It now sounds less like a low cost education laptop designed to challenge the XO and more like a pretty run of the mill, inexpensive consumer machine.
The main differences are that the Classmate now includes a 9-inch LCD display, a six-cell battery, 512MB of memory, a 30GB HDD, and an integrated webcam. The second-generation Classmate PCs are built on the Intel Celeron M processor with 802.11b/g Wi-Fi and mesh-network capabilities; future Classmate PCs will be built with Atom processors. Of course, the Classmate PC still supports Microsoft Windows XP, but variants of a Linux-based operating system will also be available.
The OLPC News blog has much more about the new Classmate and comparisons to the XO.

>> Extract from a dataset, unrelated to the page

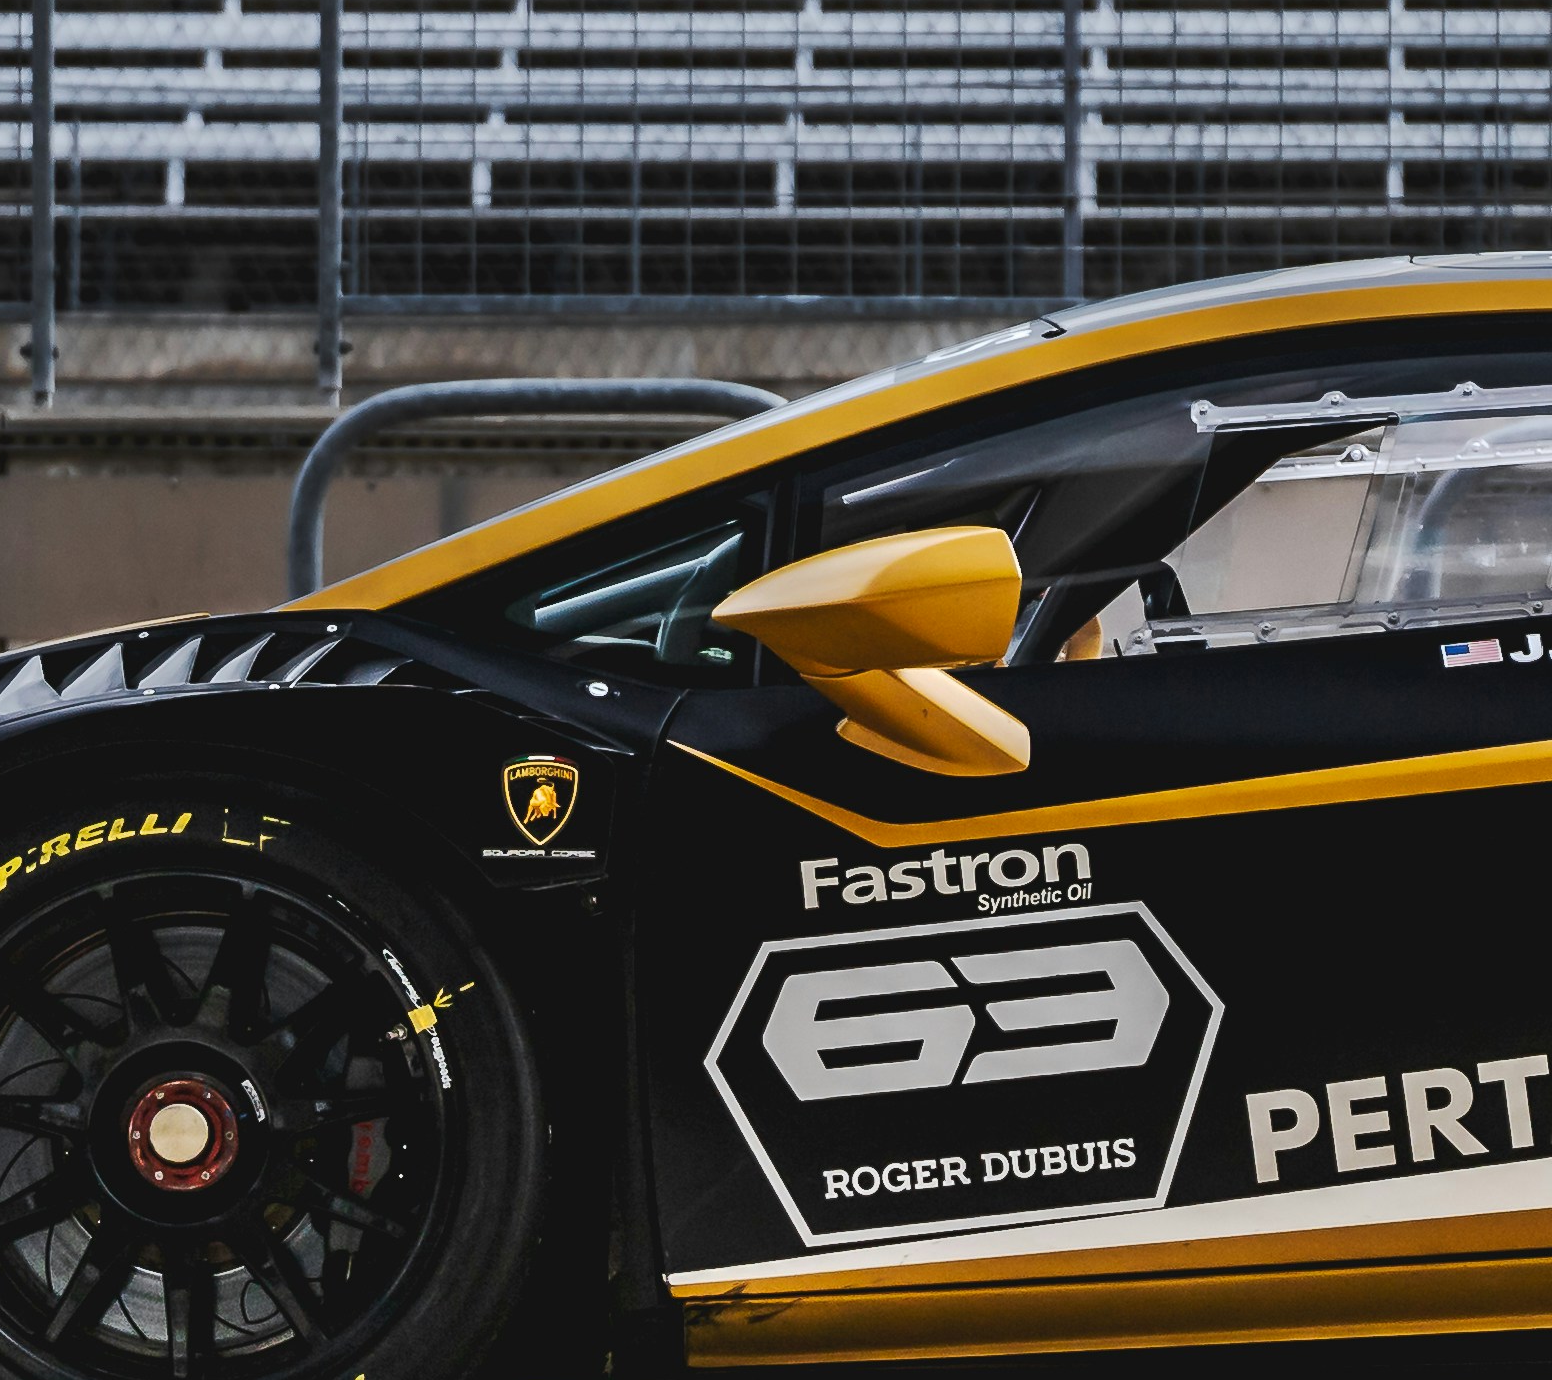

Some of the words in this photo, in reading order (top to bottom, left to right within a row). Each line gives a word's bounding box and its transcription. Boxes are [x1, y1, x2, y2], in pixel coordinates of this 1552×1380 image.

However, based on the first-generation Classmate model loaned to me (smaller screen, 2gb of memory/flash storage, a slower processor, no web cam), this pretty much sums up my assessment.
But other than those few classroom tools, the Classmate hardly feels like a leap forward in educational hardware as much as a gray, shrunken version of any typical Intel-powered laptop.
Which doesn’t mean the XO is necessarily ready for the classroom. While very innovative, it does have plenty of quirks, not to mention usability issues, for both adults and kids.
But there’s no way I’m giving up my little green machine!